### DATA PROVIDED
# # #
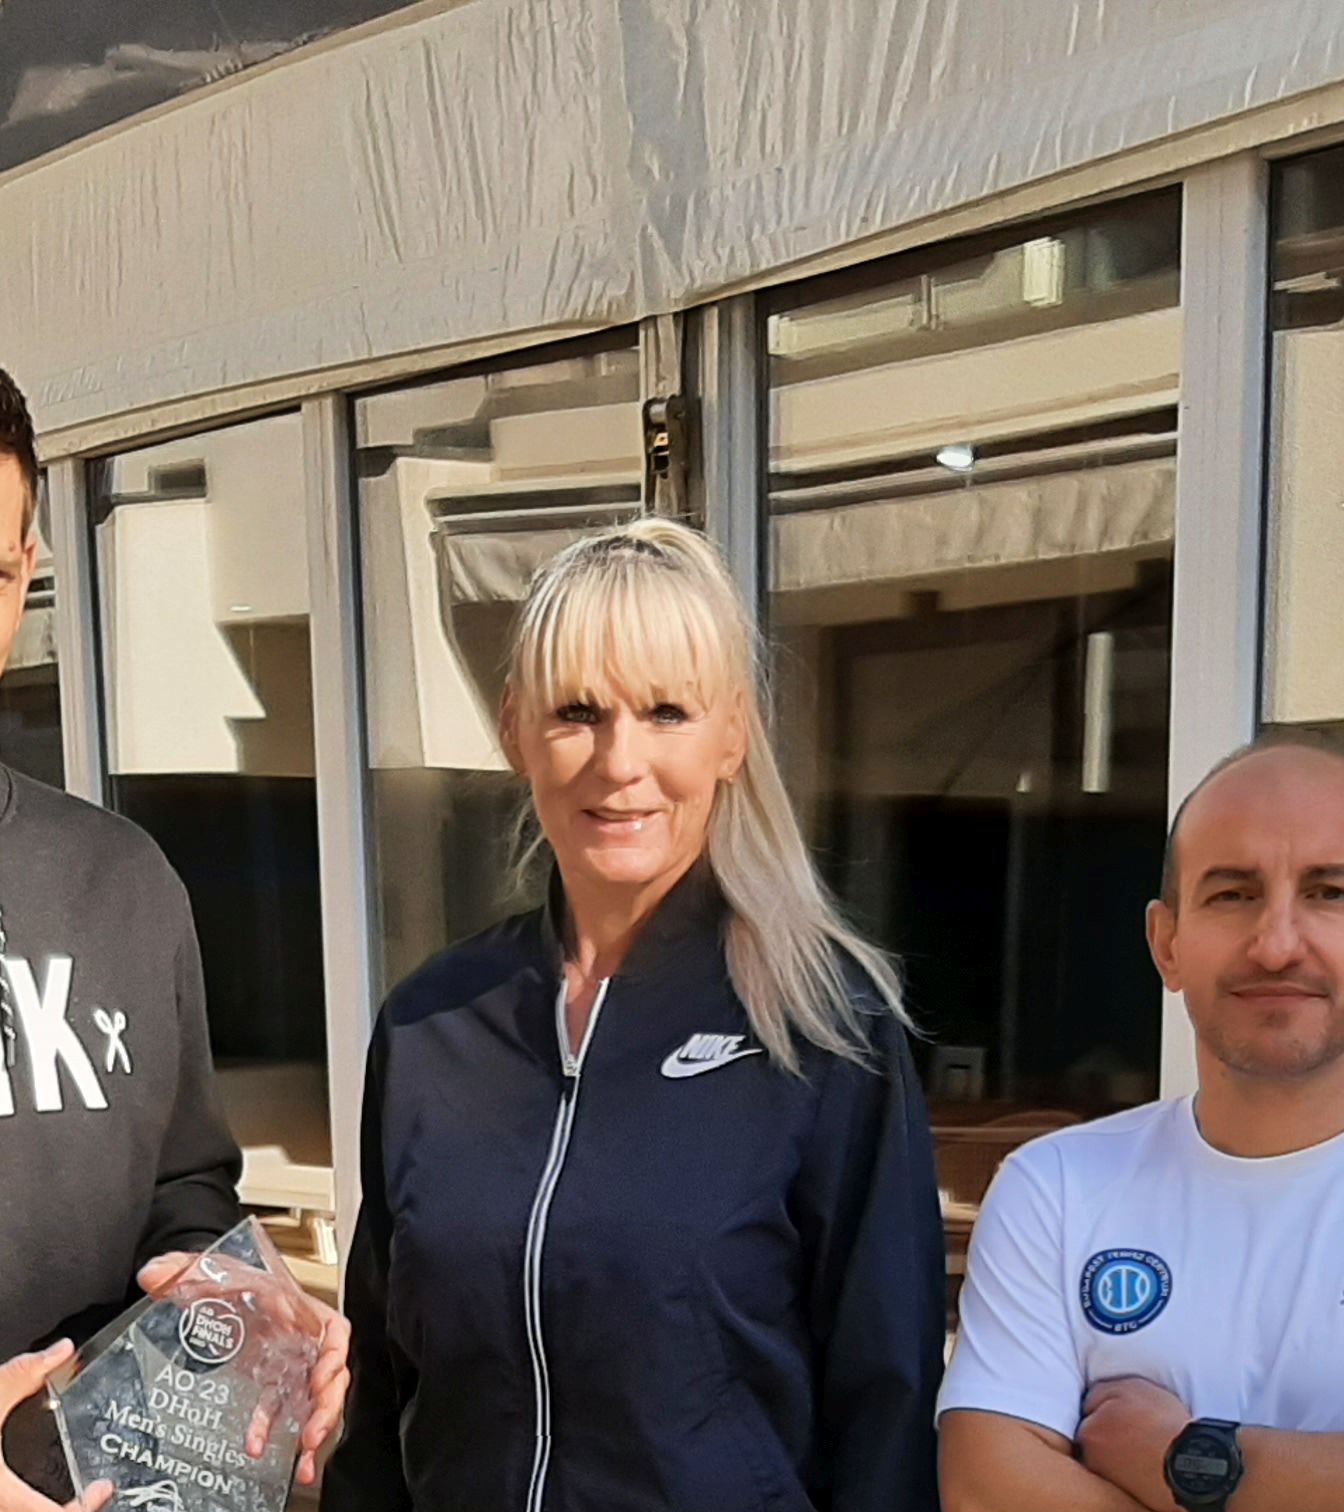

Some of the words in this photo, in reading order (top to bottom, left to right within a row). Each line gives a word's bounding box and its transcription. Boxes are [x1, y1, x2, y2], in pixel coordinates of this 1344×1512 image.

[679, 1033, 746, 1060] NIKE
[155, 1364, 195, 1391] AO
[199, 1380, 230, 1404] 23
[148, 1387, 223, 1430] DHoH
[105, 1400, 168, 1438] Men's
[171, 1424, 247, 1467] Singles
[100, 1433, 233, 1494] CHAMPION
# # #
Could you repeat the data exactly, omitting its pictures?

Some of the words in this photo, in reading order (top to bottom, left to right within a row). Each line gives a word's bounding box and its transcription. Boxes are [x1, y1, x2, y2], in pixel coordinates of this 1344×1512 image.

[679, 1033, 746, 1060] NIKE
[155, 1364, 195, 1391] AO
[199, 1380, 230, 1404] 23
[148, 1387, 223, 1430] DHoH
[105, 1400, 168, 1438] Men's
[171, 1424, 247, 1467] Singles
[100, 1433, 233, 1494] CHAMPION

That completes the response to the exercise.